Proprio per difendere la loro idea di università -pubblica, libera, democratica, di qualità e per tutti- il 6 novembre gli universitari scenderanno in piazza. Per richiamare l'attenzione su questa iniziativa l'UDU ha diffuso un video ironico ("non intendiamo offendere nessuno o inneggiare alla violenza" - precisano) in cui finge il rapimento del Ministro Gelmini e chiede un riscatto di 2 miliardi di € per l'università italiana, oltre al ritiro del decreto "perchè" -dichiara l'associazione studentesca- "chi fa le riforme continua a non ascoltare chi le subisce, non c’è stato alcun tavolo di discussione con gli studenti sui temi della governance e del diritto allo studio."
Perplessità per la mancanza di un coinvolgimento in questa riforma l'ha manifestata anche l'ADI, l'Associazione Dottorandi Italiani che la definisce "un'occasione perduta" e in un comunicato dichiara che "il Ministero non ha coinvolto, tantomeno consultato, le organizzazioni di rappresentanza del mondo universitario: è stata persa una valida occasione per introdurre elementi utili, ragionevoli e, a nostro avviso, indispensabili nel testo". L'ADI ritiene che questo testo non riesca a migliorare la condizione dei dottori di ricerca e dei giovani ricercatori, uniformando le tante, troppe figure professionali che caratterizzano il post dottorato. L'ADI inoltre chiede quali siano le intenzioni del Ministro e di tutto il governo in merito ai concorsi da ricercatori già previsti.

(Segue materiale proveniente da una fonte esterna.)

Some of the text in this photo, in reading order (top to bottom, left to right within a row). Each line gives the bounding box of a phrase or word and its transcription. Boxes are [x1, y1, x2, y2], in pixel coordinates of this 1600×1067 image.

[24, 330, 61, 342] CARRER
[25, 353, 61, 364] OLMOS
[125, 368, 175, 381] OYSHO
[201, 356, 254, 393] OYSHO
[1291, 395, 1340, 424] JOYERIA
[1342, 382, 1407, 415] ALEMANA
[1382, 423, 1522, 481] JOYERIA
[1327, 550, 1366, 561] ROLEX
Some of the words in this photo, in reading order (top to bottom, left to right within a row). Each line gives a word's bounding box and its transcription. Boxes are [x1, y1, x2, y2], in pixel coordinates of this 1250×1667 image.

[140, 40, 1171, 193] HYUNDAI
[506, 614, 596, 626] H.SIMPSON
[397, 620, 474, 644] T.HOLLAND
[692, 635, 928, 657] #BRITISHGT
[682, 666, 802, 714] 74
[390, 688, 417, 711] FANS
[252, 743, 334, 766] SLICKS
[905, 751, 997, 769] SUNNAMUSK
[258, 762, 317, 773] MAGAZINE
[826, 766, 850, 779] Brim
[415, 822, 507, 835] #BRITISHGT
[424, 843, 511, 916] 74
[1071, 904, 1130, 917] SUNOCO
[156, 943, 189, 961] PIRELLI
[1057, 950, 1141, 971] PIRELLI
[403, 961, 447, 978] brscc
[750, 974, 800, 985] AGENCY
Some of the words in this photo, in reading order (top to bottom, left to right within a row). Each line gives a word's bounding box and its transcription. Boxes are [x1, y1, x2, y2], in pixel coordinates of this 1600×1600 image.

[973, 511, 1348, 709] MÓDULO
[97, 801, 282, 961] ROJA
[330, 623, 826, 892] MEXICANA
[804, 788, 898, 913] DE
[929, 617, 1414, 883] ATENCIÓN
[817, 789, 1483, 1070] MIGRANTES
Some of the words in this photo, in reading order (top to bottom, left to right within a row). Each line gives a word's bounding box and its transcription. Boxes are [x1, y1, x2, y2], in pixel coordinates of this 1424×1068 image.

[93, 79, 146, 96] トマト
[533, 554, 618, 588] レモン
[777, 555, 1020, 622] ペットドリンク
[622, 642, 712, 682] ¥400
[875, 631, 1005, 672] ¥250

Sempre per protesta contro la riforma il 17 novembre scenderanno in piazza gli studenti di LINK- Assemblea studentesca, la rete che unisce Unione degli Studenti e Coordinamento degli Universitari e che mercoledì 28 ottobre hanno occupato simbolicamente il Ministero di Viale Trastevere. "Protestiamo contro i tagli indiscriminati a scuola e università - dichiarano gli studenti - chiediamo una didattica innovativa e partecipata e un nuovo sistema di welfare studentesco, che garantisca agli studenti agevolazioni sui libri di testo, sui trasporti, sui consumi culturali. Proprio oggi è stato varato dal Governo il ddl di riforma dell'Università: la rappresentanza studentesca viene ridotta all'impotenza e i Rettori diventano dei monarchi assoluti. La democrazia negli atenei viene distrutta."